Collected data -
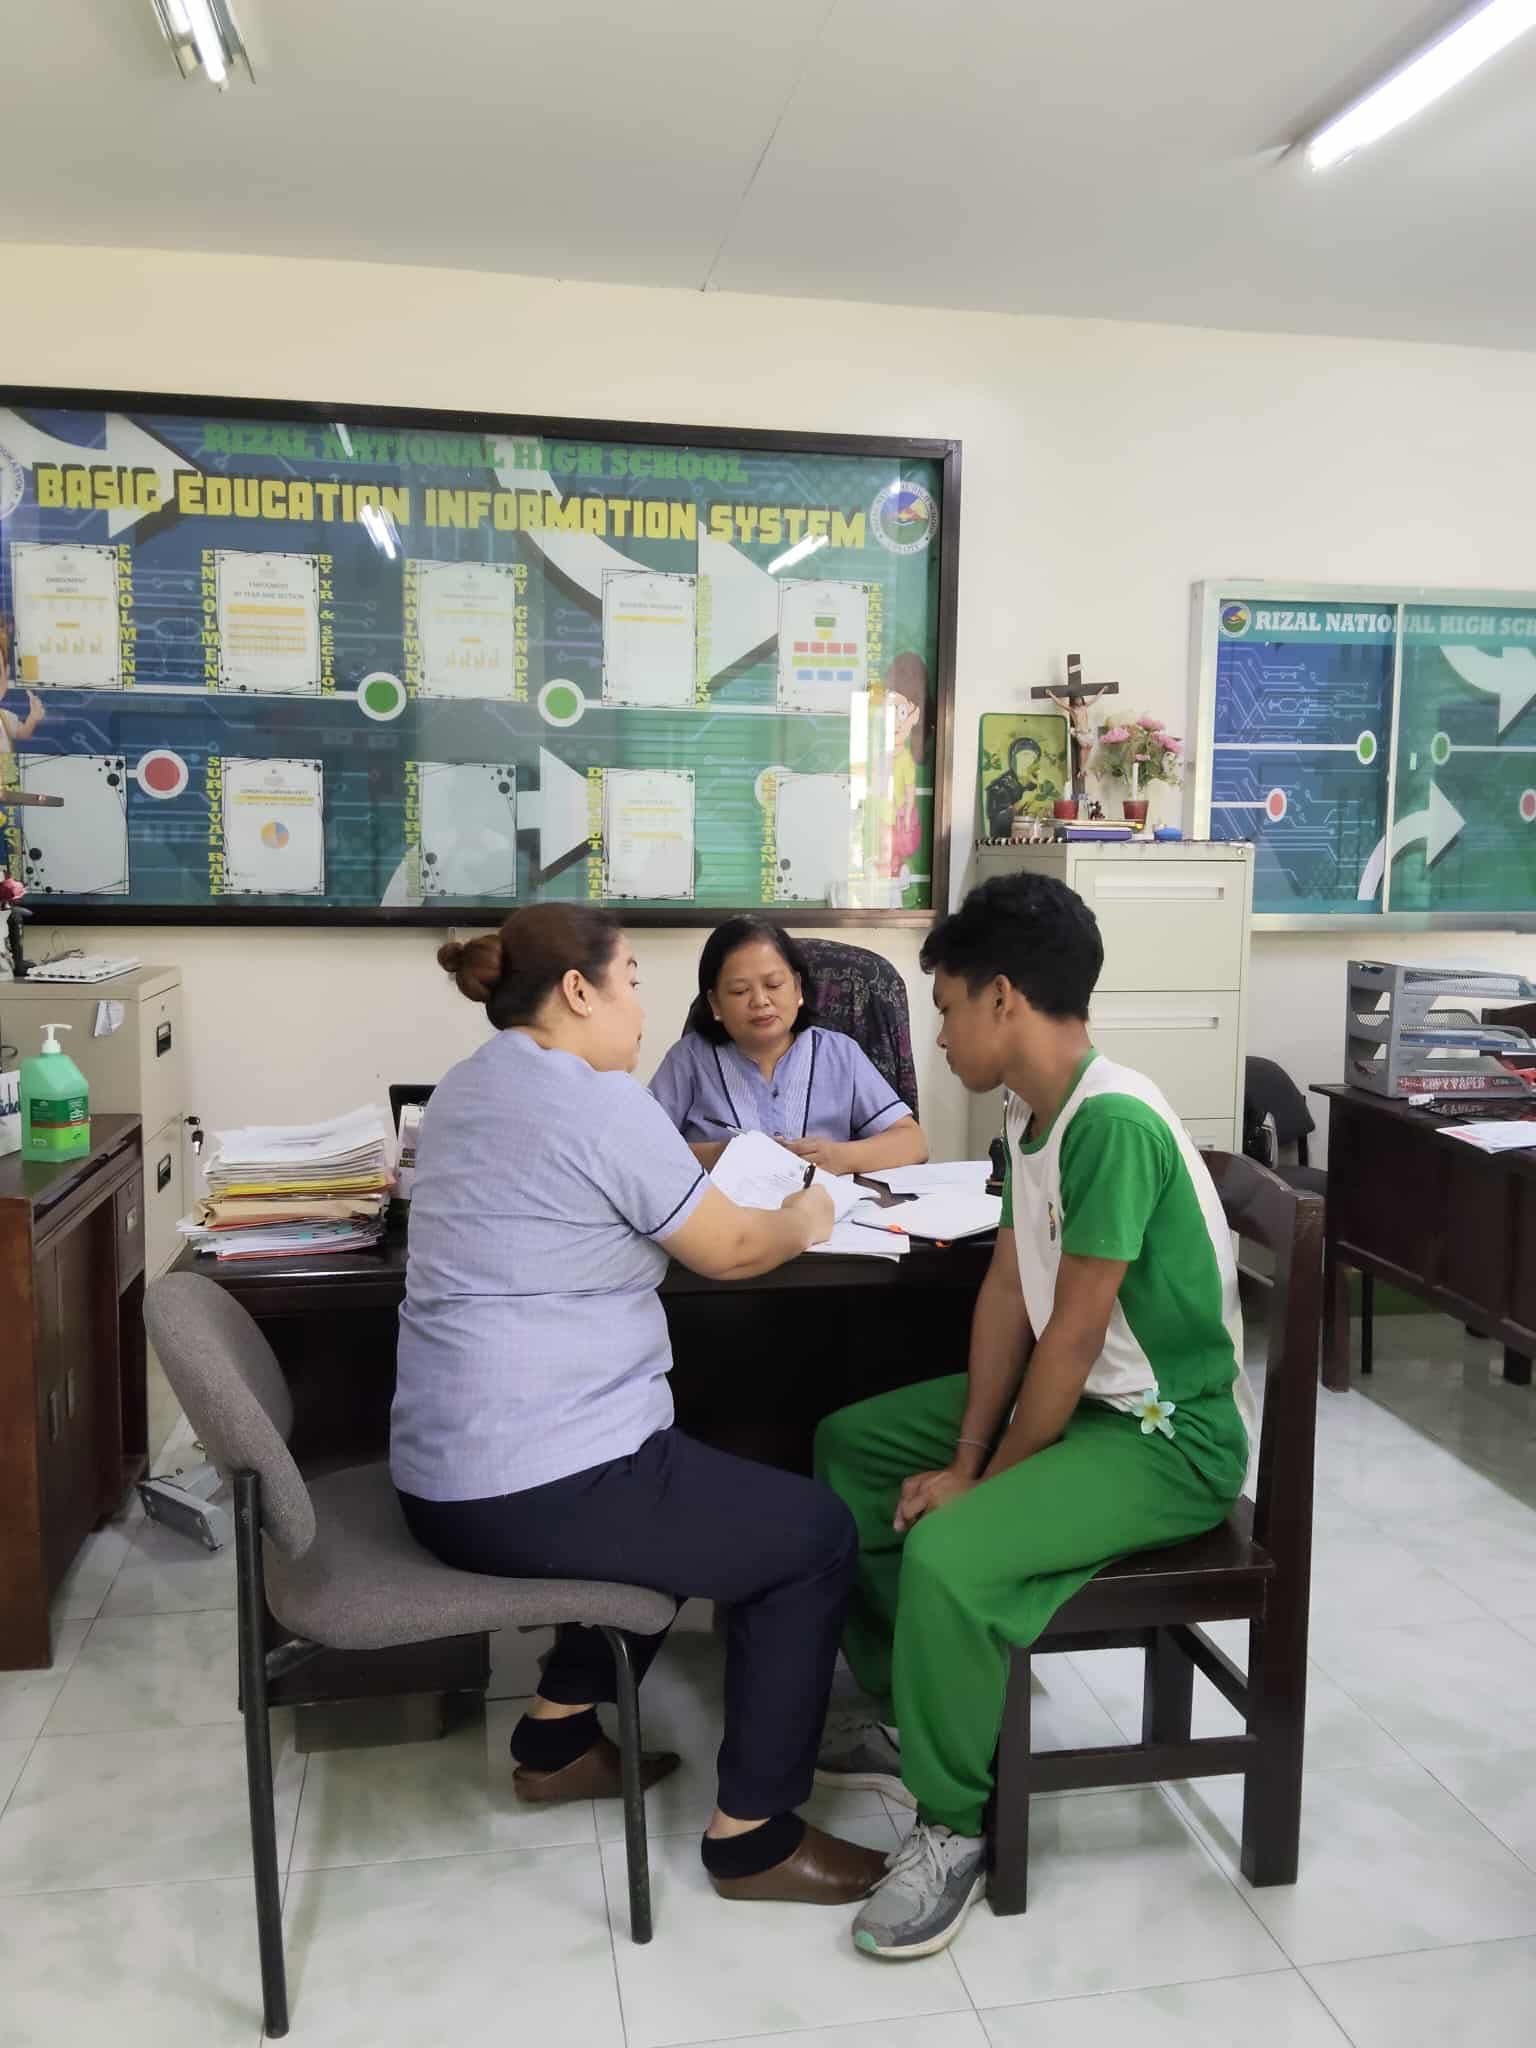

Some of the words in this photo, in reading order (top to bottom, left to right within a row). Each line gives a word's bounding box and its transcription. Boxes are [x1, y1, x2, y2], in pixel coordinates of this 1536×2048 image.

[203, 424, 314, 456] RIZAL
[323, 429, 504, 468] NATIONAL
[512, 436, 603, 475] HIGH
[611, 447, 750, 483] SCHOOL
[34, 464, 161, 512] BASIC
[176, 471, 410, 525] EDUCATION
[424, 487, 697, 541] INFORMATION
[709, 502, 866, 549] SYSTEM
[320, 554, 333, 574] BY
[515, 563, 528, 594] BY
[117, 544, 136, 688] ENROLMENT
[201, 550, 219, 694] ENROLMENT
[320, 609, 335, 620] &
[404, 559, 418, 698] ENROLMENT
[1256, 611, 1321, 631] RIZAL
[1325, 613, 1434, 634] NATIONAL
[1440, 615, 1496, 635] HIGH
[321, 625, 336, 696] SECTION
[514, 606, 528, 702] GENDER
[206, 757, 223, 845] SURVIVAL
[404, 761, 420, 845] FAILURE
[208, 852, 224, 895] RATE

What you are asked to do - Without including any picture, print every record exactly as written above.

Task response -
Some of the words in this photo, in reading order (top to bottom, left to right within a row). Each line gives a word's bounding box and its transcription. Boxes are [x1, y1, x2, y2], in pixel coordinates of this 1536×2048 image.

[203, 424, 314, 456] RIZAL
[323, 429, 504, 468] NATIONAL
[512, 436, 603, 475] HIGH
[611, 447, 750, 483] SCHOOL
[34, 464, 161, 512] BASIC
[176, 471, 410, 525] EDUCATION
[424, 487, 697, 541] INFORMATION
[709, 502, 866, 549] SYSTEM
[320, 554, 333, 574] BY
[515, 563, 528, 594] BY
[117, 544, 136, 688] ENROLMENT
[201, 550, 219, 694] ENROLMENT
[320, 609, 335, 620] &
[404, 559, 418, 698] ENROLMENT
[1256, 611, 1321, 631] RIZAL
[1325, 613, 1434, 634] NATIONAL
[1440, 615, 1496, 635] HIGH
[321, 625, 336, 696] SECTION
[514, 606, 528, 702] GENDER
[206, 757, 223, 845] SURVIVAL
[404, 761, 420, 845] FAILURE
[208, 852, 224, 895] RATE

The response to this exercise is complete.